El sexo y yo,  Humor

No me como un colín (y no lo entiendo)

Ya no sé que hacer.

Noto como las células epiteliales de mi órgano reproductor se regeneran por falta de contacto masculino.

Y lo peor de todo es que la no interacción ni física ni mental con el otro sexo me está pasando factura. Es que, NO ME COMO UN COLÍN. Literal. No me tocan ni con un palo.

Así, como lo oyes, sin anestesia ni na.

Vale, tampoco hago yo mucho por buscar la interacción. Pero hombre…

La «mágica» interacción.

Encima, es difícil que alguien me guste. Cuando alguien me gusta, no nos ponemos de acuerdo, porque siempre le gusta más mi amiga, mi prima o mi vecina del quinto.

Y cuando yo le gusto a alguien a mi no me gusta, no te vayas a pensar que es un problema de que no gustar. Es un problema de falta de coordinación total. Como esta frase de adolescente de “yo por él, el por otra”.

¿O será, como dice mi querida Sol, que a los hombres “de verdad” no les gustan las mujeres “como yo”? ¿O que les gustan tontas?

Me decía una amiga hace un par de días que yo impongo mucho porque soy muy madura y que eso echará para atrás a los tíos, así que yo que se. En ese caso mejor así, sinceramente. Casi prefiero que vengan maduros de casa, que tampoco me apetece a mi aguantar gilipollas, que tengo muchas cosas que hacer.

No se, tampoco pido yo nada del otro mundo.

También mis amigas me dijeron que era demasiado exigente, yo que se. Será que no se nada, de nada, de nada.

Pero, llámame loca, yo no me voy a tirar al primero que pase por la calle solo porque tenga la oportunidad, y encima sin que me guste ni nada.
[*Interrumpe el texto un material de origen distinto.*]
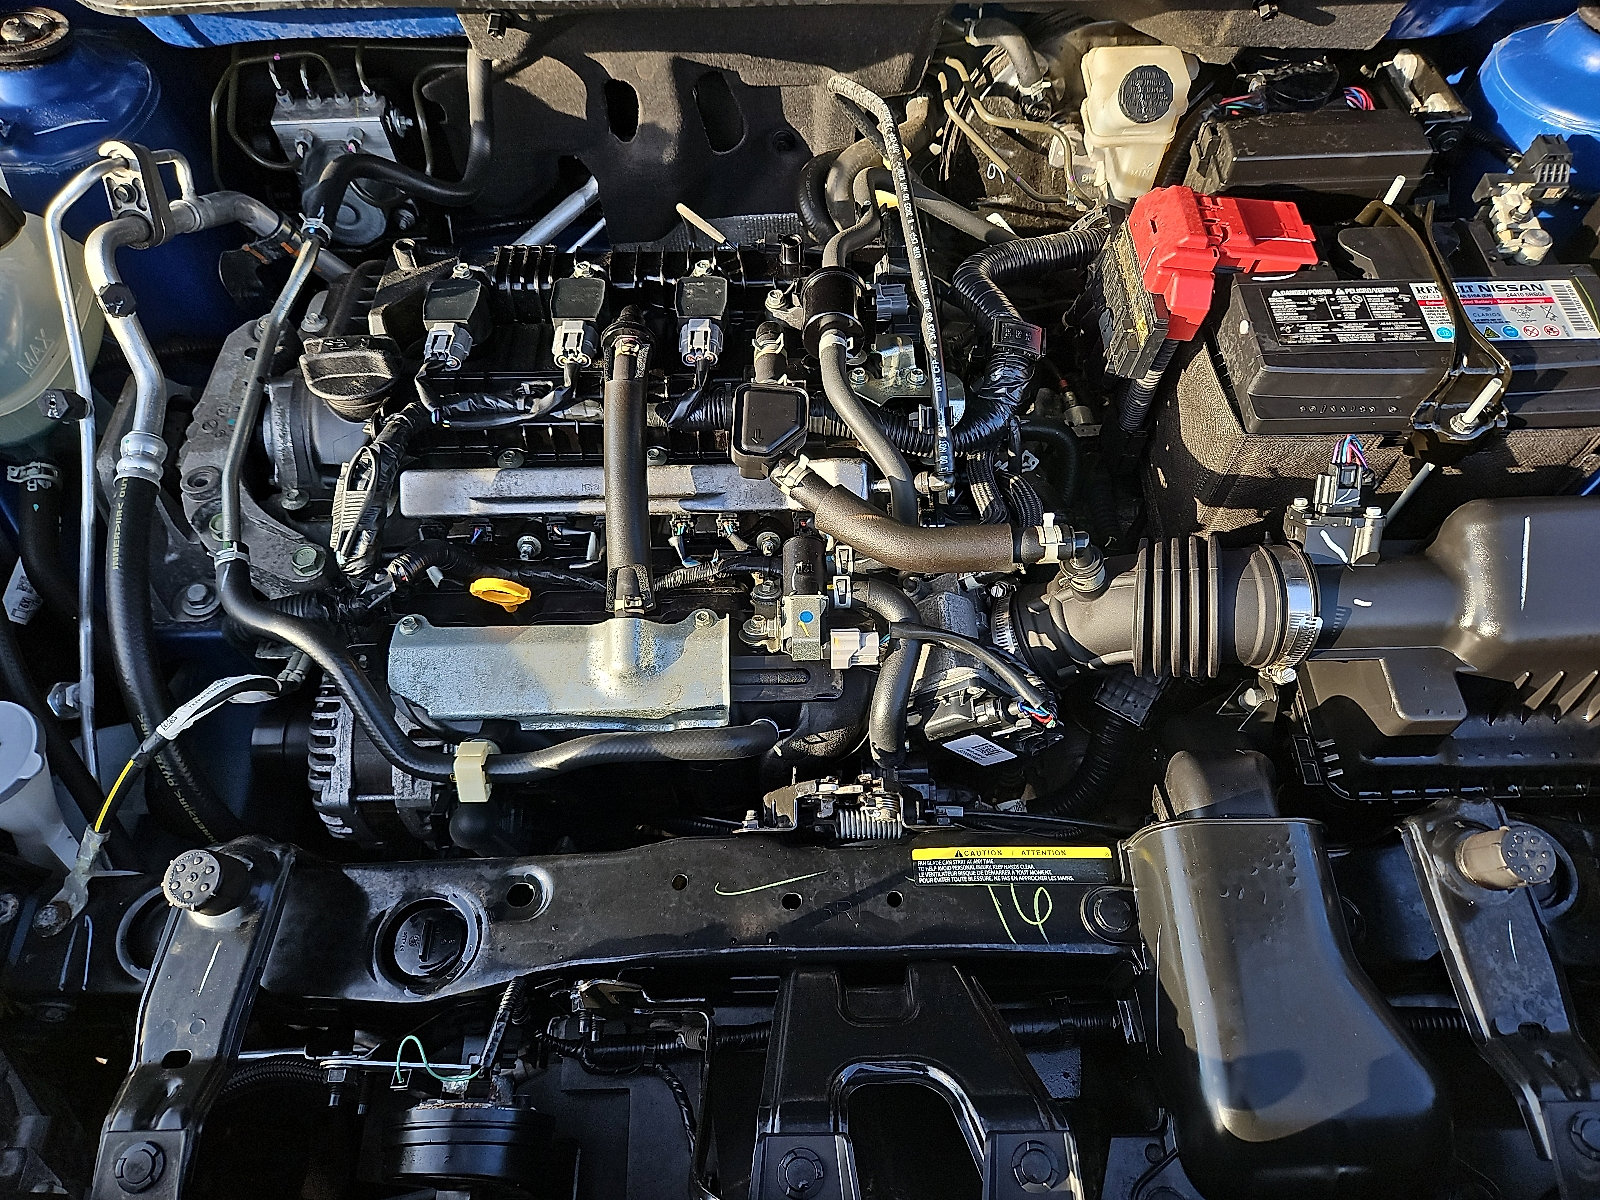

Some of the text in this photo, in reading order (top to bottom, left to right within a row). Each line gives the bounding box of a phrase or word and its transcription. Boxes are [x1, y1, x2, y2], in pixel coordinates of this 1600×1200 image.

[1478, 284, 1544, 292] NISSAN
[16, 328, 53, 376] MAX
[932, 359, 940, 374] CFP
[934, 377, 942, 392] DTR
[963, 849, 1003, 857] CAUTION
Queda feo.

Queda muy feo.

Yo creo que, en realidad, a mi me ha mirado un tuerto.

Porque no te pienses que eso de “desafortunado en el juego afortunado en el amor” se aplica aquí. NO, NO, NO. No gano ni al Trivial Pursuit, ni al Monopoly. Es que ni al Monopoly del McDonalds. Ni a los juegos de beber siquiera, coño.

Vamos, que me he inventado un juego de beber con el Tinder en el que siempre gano, para echarme unas risas y equilibrar un poco la balanza. De la lotería ni hablamos, por supuesto.

No me como un colín.
Ojalá no comer un colín, pero ser el Tío Gilito.

En definitiva, que yo no se nada. No se de donde me viene a mí esta sequía de no pillar cacho. No se si es que soy muy lista, muy guapa, muy madura, muy autosuficiente o simplemente que mi brújula del deseo está atrofiada nivel supremo, porque estos fenómenos paranormales no me los explica ni Iker Jiménez en cuatro horas de Cuarto Milenio.

Iker Jimenez no me como un colín evidentemente
EVIDENTEMENTE. Evidentemente no me como un colín, sí.

Bueno, como decía Sócrates… Solo se, que no se nada. Y en estos temas, menos aún.